* ABOUT THIS EXERCISE
Print each record exactly as it appears, but drop the images.

* EXTRACTED INFORMATION
**********

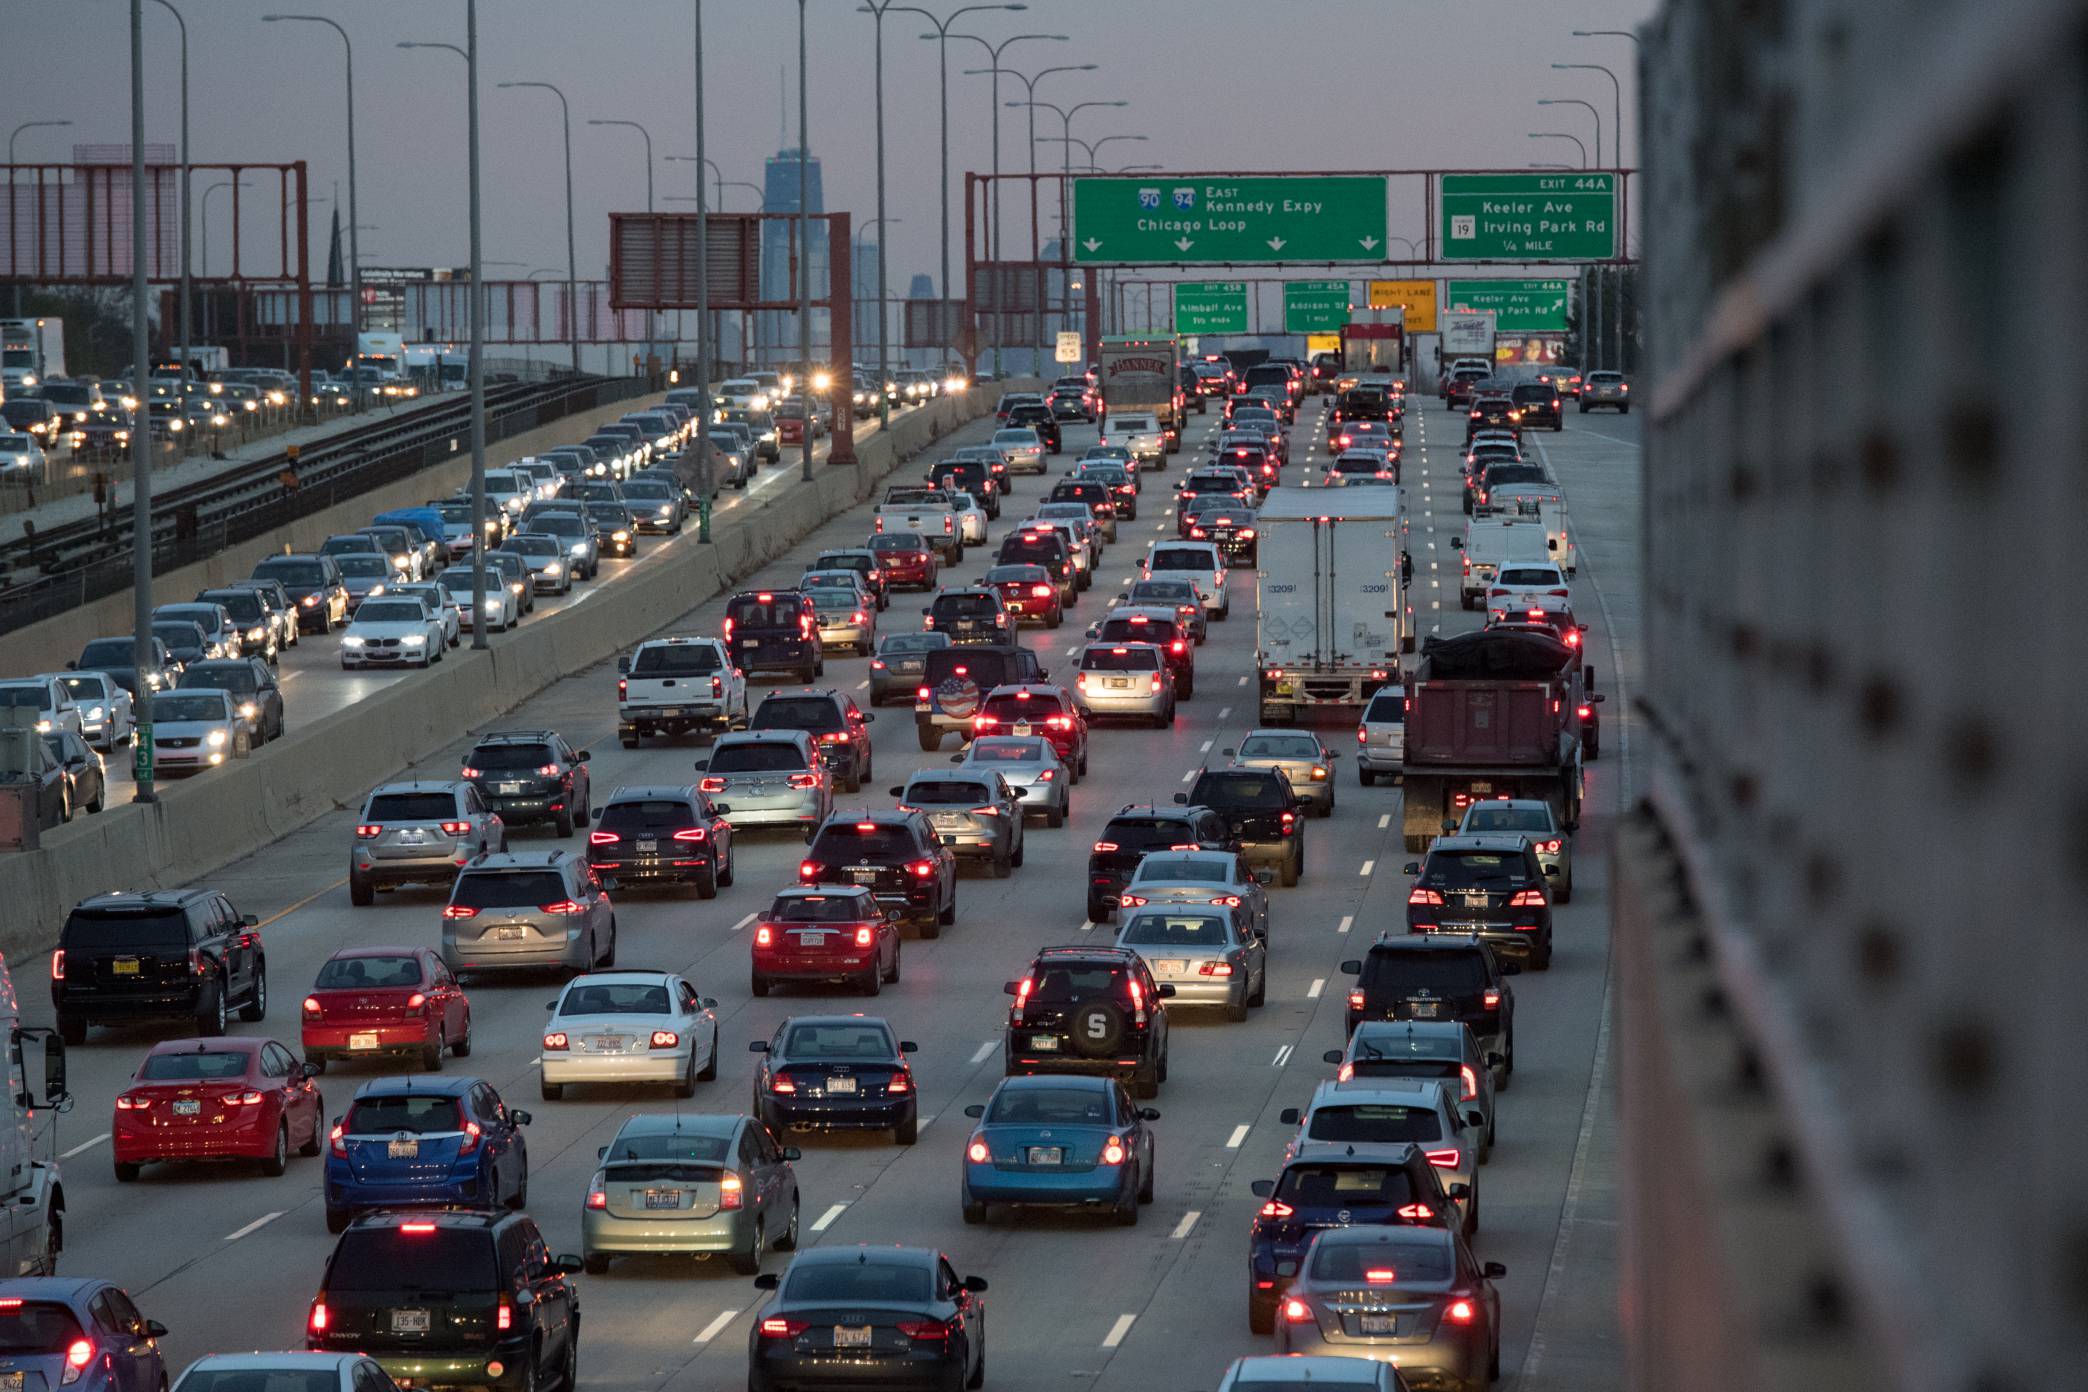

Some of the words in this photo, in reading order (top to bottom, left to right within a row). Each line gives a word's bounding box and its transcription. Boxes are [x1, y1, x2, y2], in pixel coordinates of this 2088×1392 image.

[1540, 179, 1565, 189] EXIT
[1574, 178, 1606, 189] 44A
[1206, 187, 1238, 198] EAST
[1139, 192, 1159, 207] 90
[1174, 192, 1195, 206] 94
[1206, 200, 1274, 214] Kennedy
[1283, 200, 1322, 213] Expy
[1483, 202, 1534, 213] Keeler
[1543, 201, 1573, 213] Ave
[1137, 219, 1201, 233] Chicago
[1209, 219, 1247, 232] Loop
[1457, 224, 1469, 235] 19
[1484, 221, 1532, 235] Irving
[1540, 221, 1577, 232] Park
[1586, 221, 1605, 232] Rd
[1525, 241, 1552, 250] MILE
[1374, 289, 1402, 297] RIGHT
[1224, 304, 1242, 312] Ave
[1508, 306, 1530, 314] Park
[1536, 306, 1548, 314] Rd
[1061, 348, 1076, 358] 55
[1117, 359, 1162, 373] BANNER
[1088, 1014, 1107, 1039] S
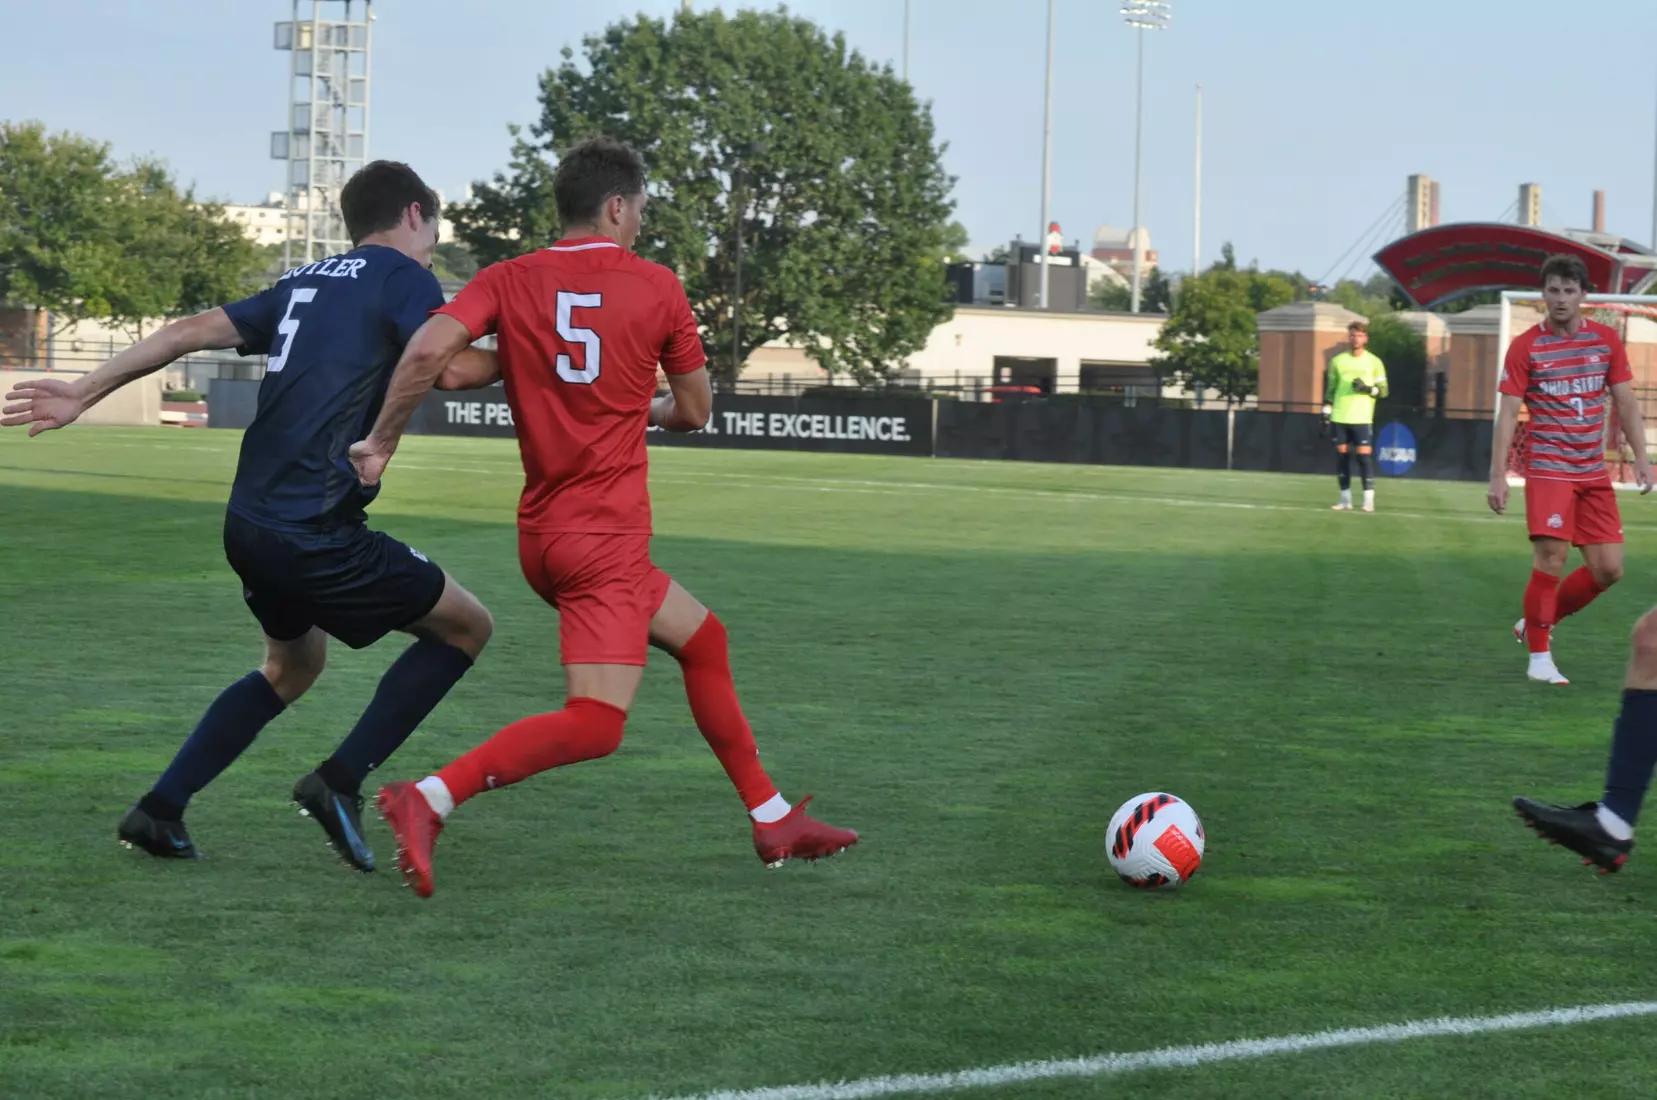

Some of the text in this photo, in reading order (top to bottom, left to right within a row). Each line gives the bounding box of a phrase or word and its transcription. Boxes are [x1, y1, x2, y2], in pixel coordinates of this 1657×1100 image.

**********

* EXERCISE RESPONSE
Some of the words in this photo, in reading order (top to bottom, left to right within a row). Each line gives a word's bounding box and its transcription. Boxes are [x1, y1, x2, y2], in pixel coordinates of this 2088×1392 image.

[1540, 179, 1565, 189] EXIT
[1574, 178, 1606, 189] 44A
[1206, 187, 1238, 198] EAST
[1139, 192, 1159, 207] 90
[1174, 192, 1195, 206] 94
[1206, 200, 1274, 214] Kennedy
[1283, 200, 1322, 213] Expy
[1483, 202, 1534, 213] Keeler
[1543, 201, 1573, 213] Ave
[1137, 219, 1201, 233] Chicago
[1209, 219, 1247, 232] Loop
[1457, 224, 1469, 235] 19
[1484, 221, 1532, 235] Irving
[1540, 221, 1577, 232] Park
[1586, 221, 1605, 232] Rd
[1525, 241, 1552, 250] MILE
[1374, 289, 1402, 297] RIGHT
[1224, 304, 1242, 312] Ave
[1508, 306, 1530, 314] Park
[1536, 306, 1548, 314] Rd
[1061, 348, 1076, 358] 55
[1117, 359, 1162, 373] BANNER
[1088, 1014, 1107, 1039] S

Some of the text in this photo, in reading order (top to bottom, left to right within a row). Each line gives the bounding box of a phrase or word and its transcription. Boxes are [x1, y1, x2, y2], in pixel coordinates of this 1657×1100 image.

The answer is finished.